आईएसएसएन: 2161-1025
LYu Sun* and Boyi Zhang
Strategies using angiogenesis inhibitors to suppress tumor development via interfering with vascular signaling have been explored for more than a decade. To date, anti-angiogenenic agents such as bevacizumab, sorafenib and sunitinib are incorporated into standard administration to treat many cancer types by targeting the vascular endothelial growth factor A (VEGFA) pathway. However, only mild and transient responses were observed in most cases, raising the topic of drug resistance as one of the major problems that is frequently encountered by clinicians.
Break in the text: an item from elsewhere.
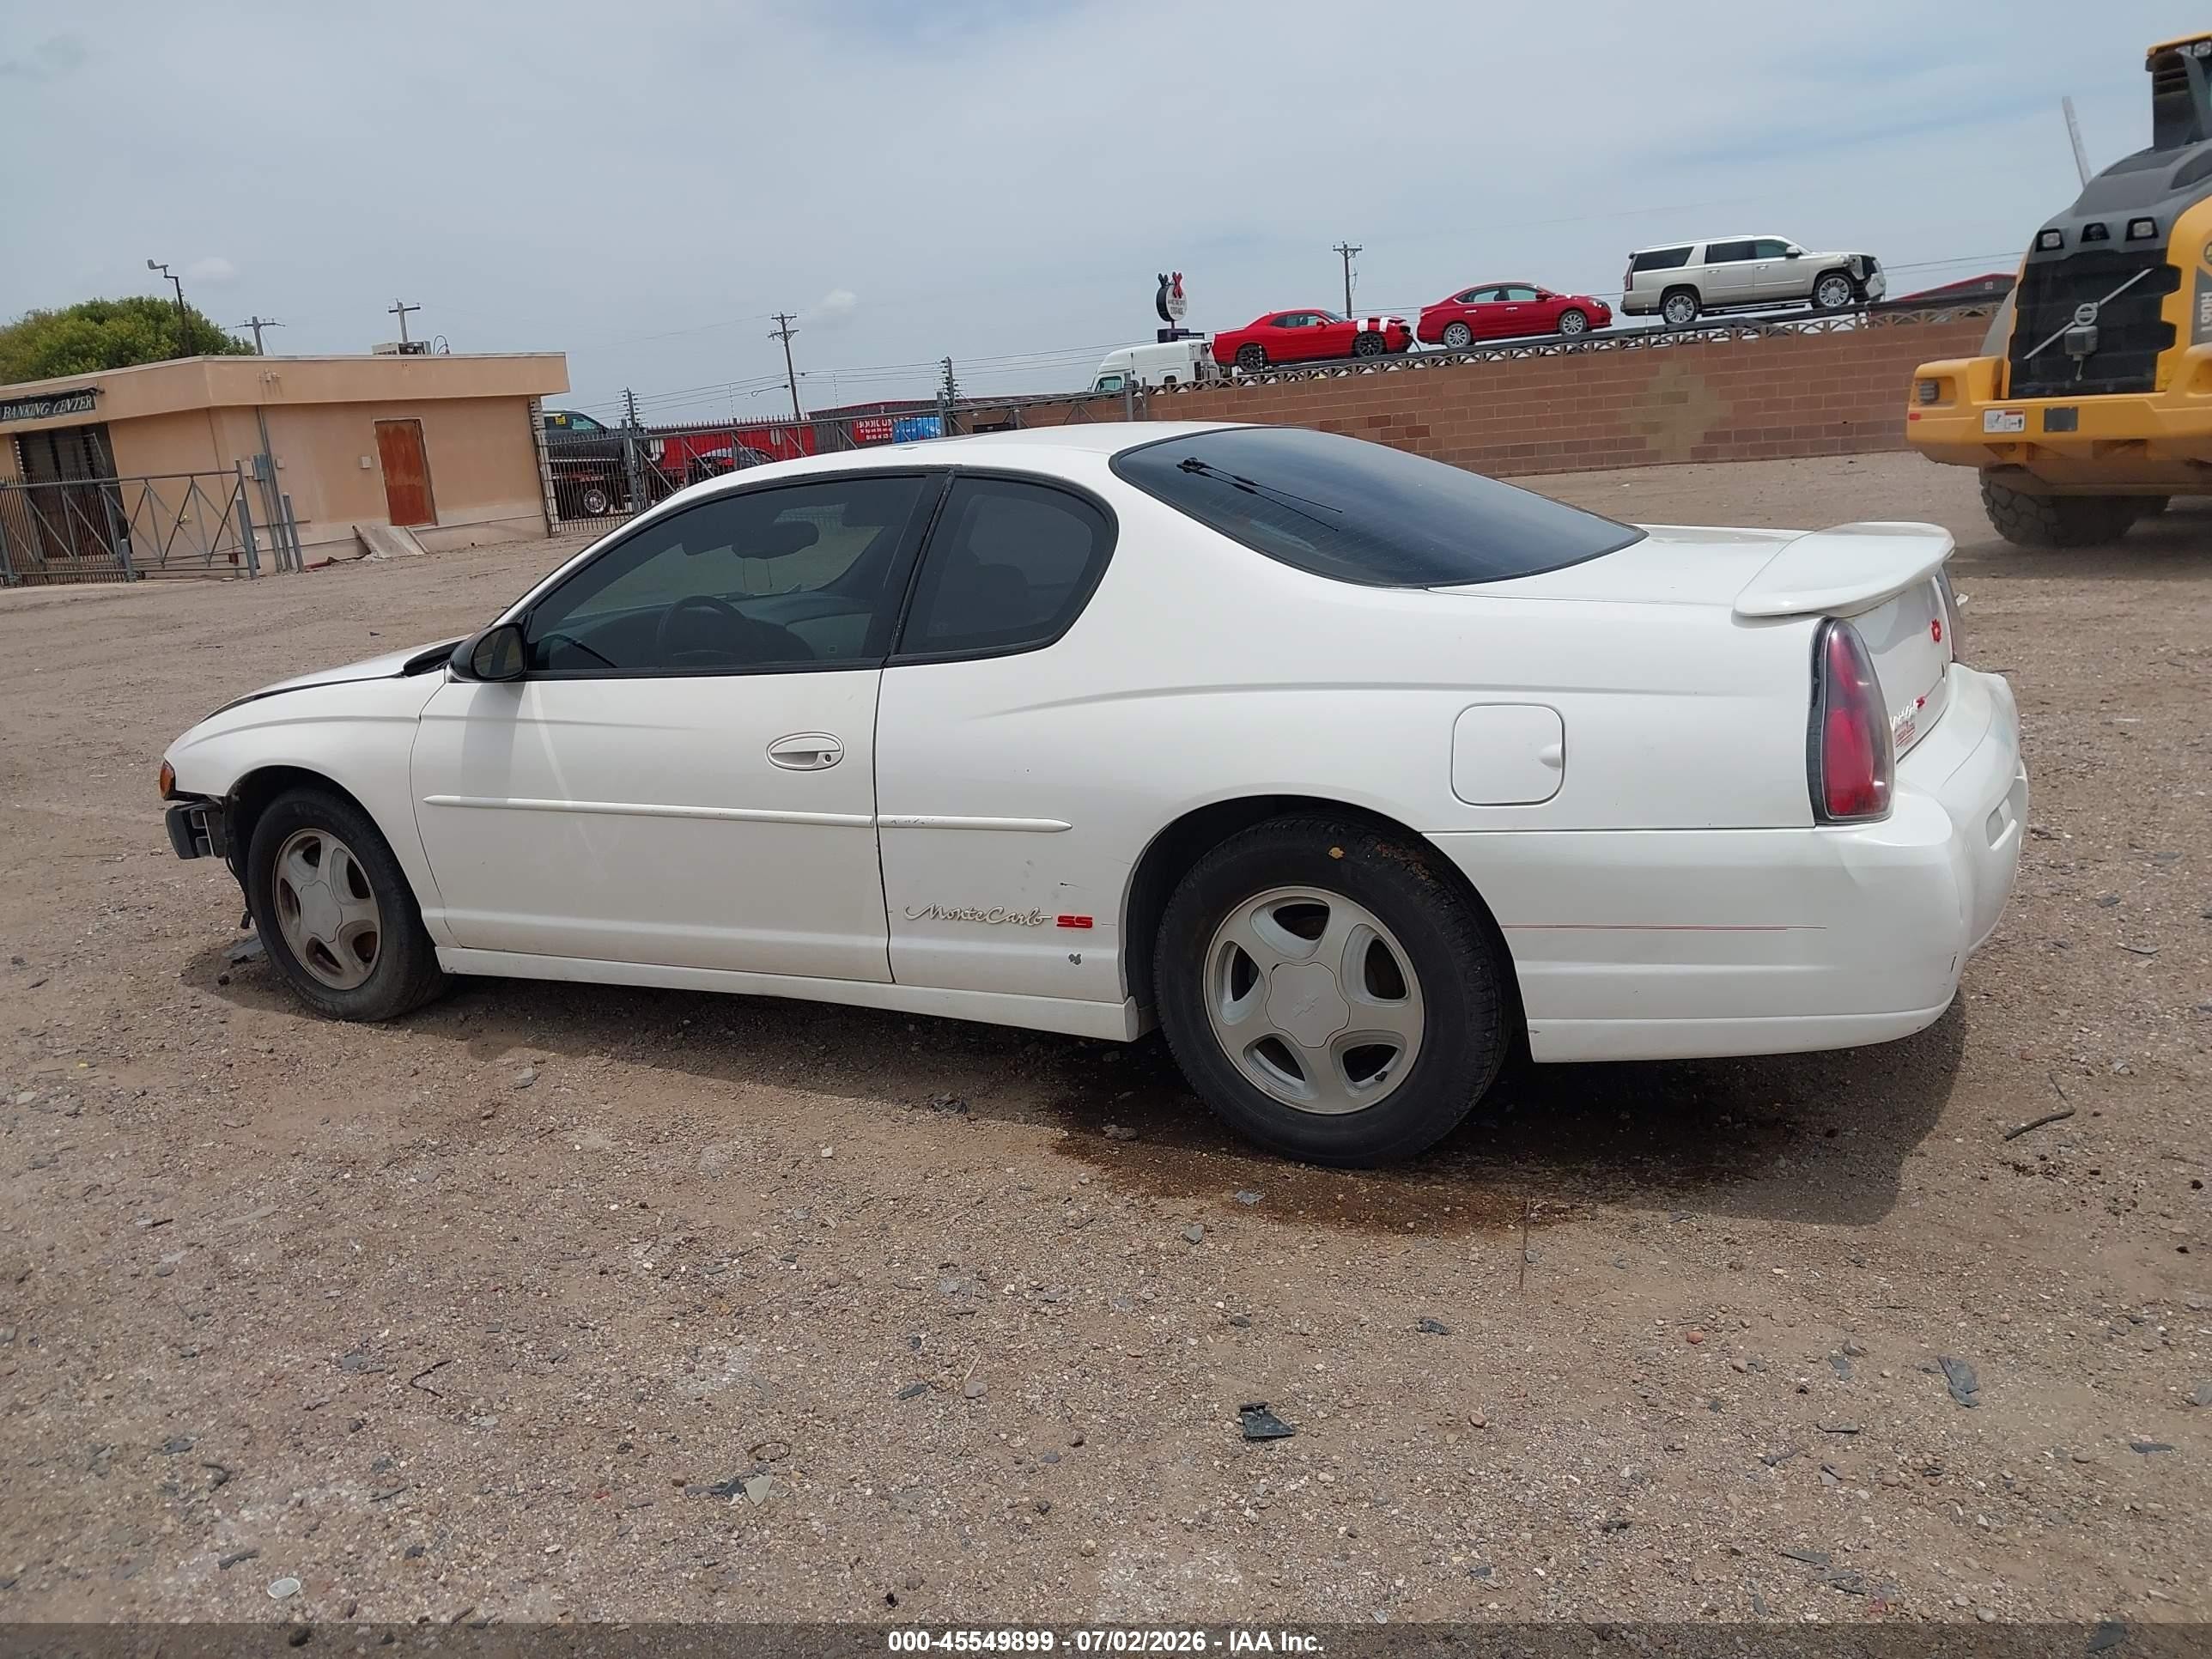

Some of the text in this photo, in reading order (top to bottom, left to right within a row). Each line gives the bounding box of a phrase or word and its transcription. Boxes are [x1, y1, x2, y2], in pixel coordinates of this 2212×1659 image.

The angiopoietin (Angpt)-Tie system, previously considered as a second line pathway in tumor angiogenic switch that functionally contributes to angiogenesis and/or lymphangiogenesis, recently attracted substantial interest and is entering the spotlight for meticulous studies in cancer biology. Agents specifically suppressing Angpts are now in clinical trials, and new reports suggest promising anti-cancer activities with a safety profile distinct from those of anti- VEGFA therapeutics. This review provides an updated picture of the Angpt-Tie system, by focusing on the Angpt-Tie2 axis in basic research and clinical investigation, and discusses feasible options to therapeutically target this signaling pathway in the context of precision medicine.